[Saved entries]
========================================

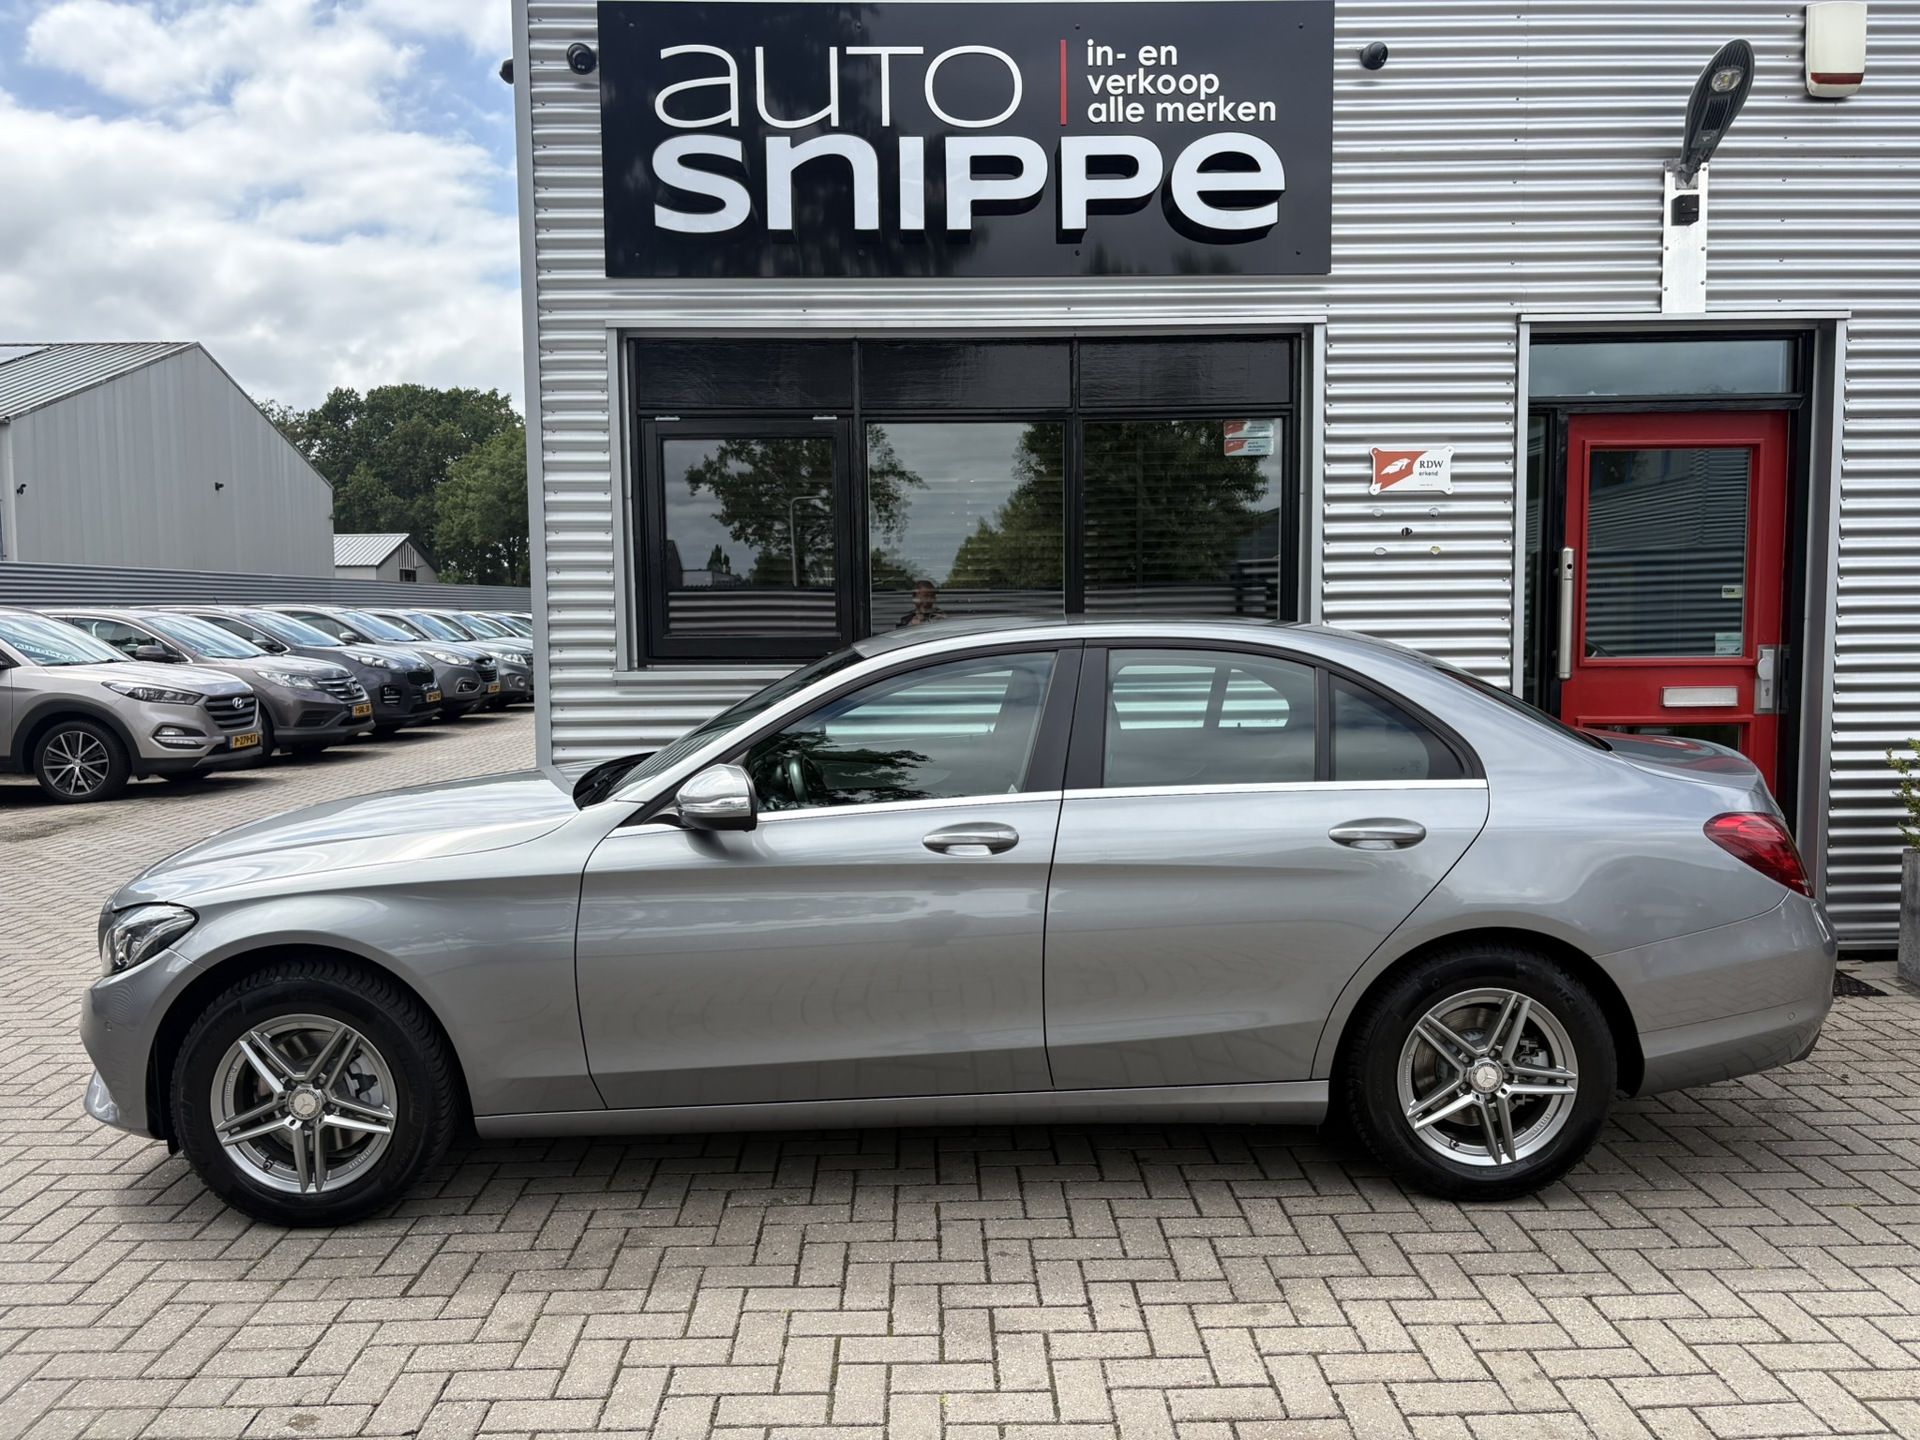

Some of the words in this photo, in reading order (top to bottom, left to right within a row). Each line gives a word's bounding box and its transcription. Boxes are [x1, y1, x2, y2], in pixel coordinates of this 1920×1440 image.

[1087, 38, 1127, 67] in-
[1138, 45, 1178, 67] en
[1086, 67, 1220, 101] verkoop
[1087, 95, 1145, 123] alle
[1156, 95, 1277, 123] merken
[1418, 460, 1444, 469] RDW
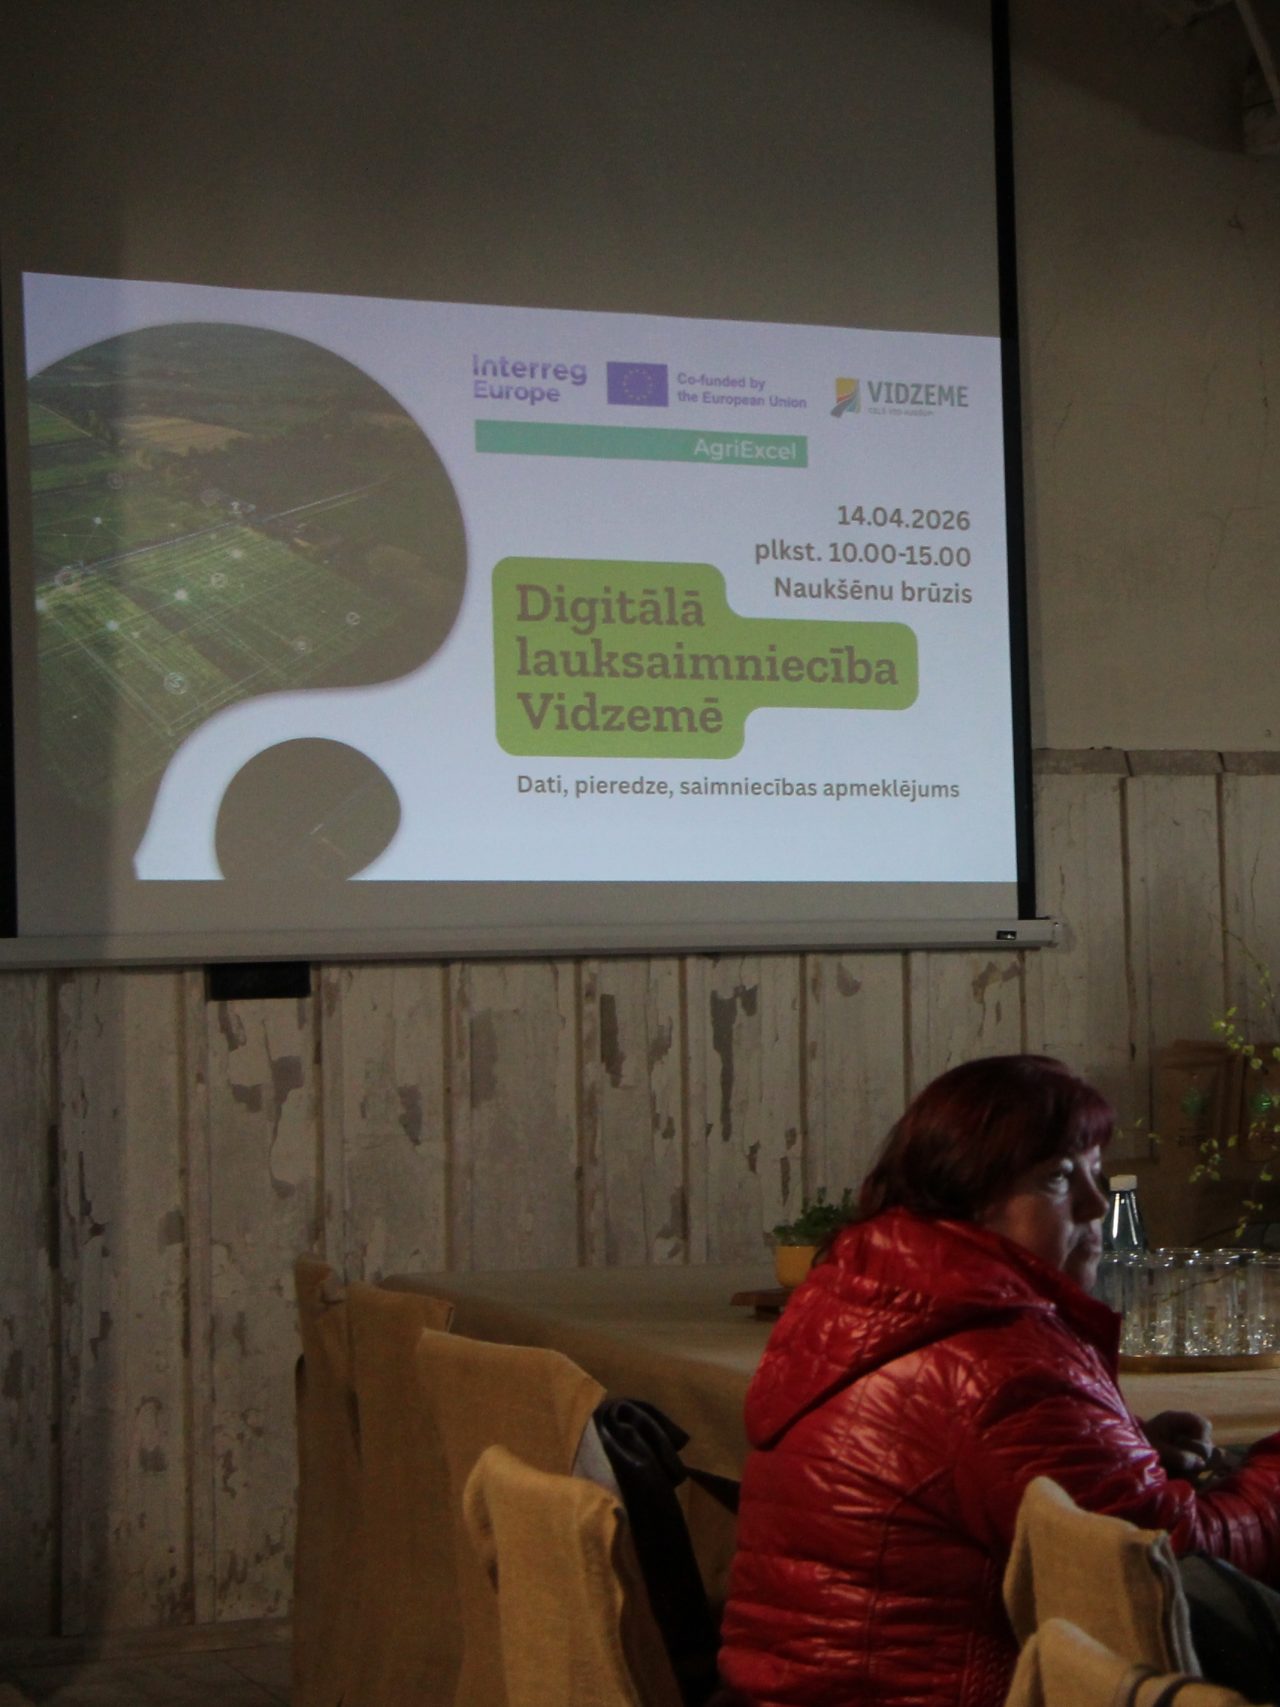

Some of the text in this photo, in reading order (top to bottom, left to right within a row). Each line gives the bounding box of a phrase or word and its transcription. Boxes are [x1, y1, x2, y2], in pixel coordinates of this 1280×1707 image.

========================================

> Prompt:
An exact copy of all the lines above is required, with the pictures removed.

> Completed exercise:
Some of the words in this photo, in reading order (top to bottom, left to right within a row). Each line gives a word's bounding box and its transcription. Boxes are [x1, y1, x2, y2], in pixel coordinates of this 1920×1440 image.

[1087, 38, 1127, 67] in-
[1138, 45, 1178, 67] en
[1086, 67, 1220, 101] verkoop
[1087, 95, 1145, 123] alle
[1156, 95, 1277, 123] merken
[1418, 460, 1444, 469] RDW

Some of the text in this photo, in reading order (top to bottom, left to right within a row). Each line gives the bounding box of a phrase or word and its transcription. Boxes are [x1, y1, x2, y2], in pixel coordinates of this 1280×1707 image.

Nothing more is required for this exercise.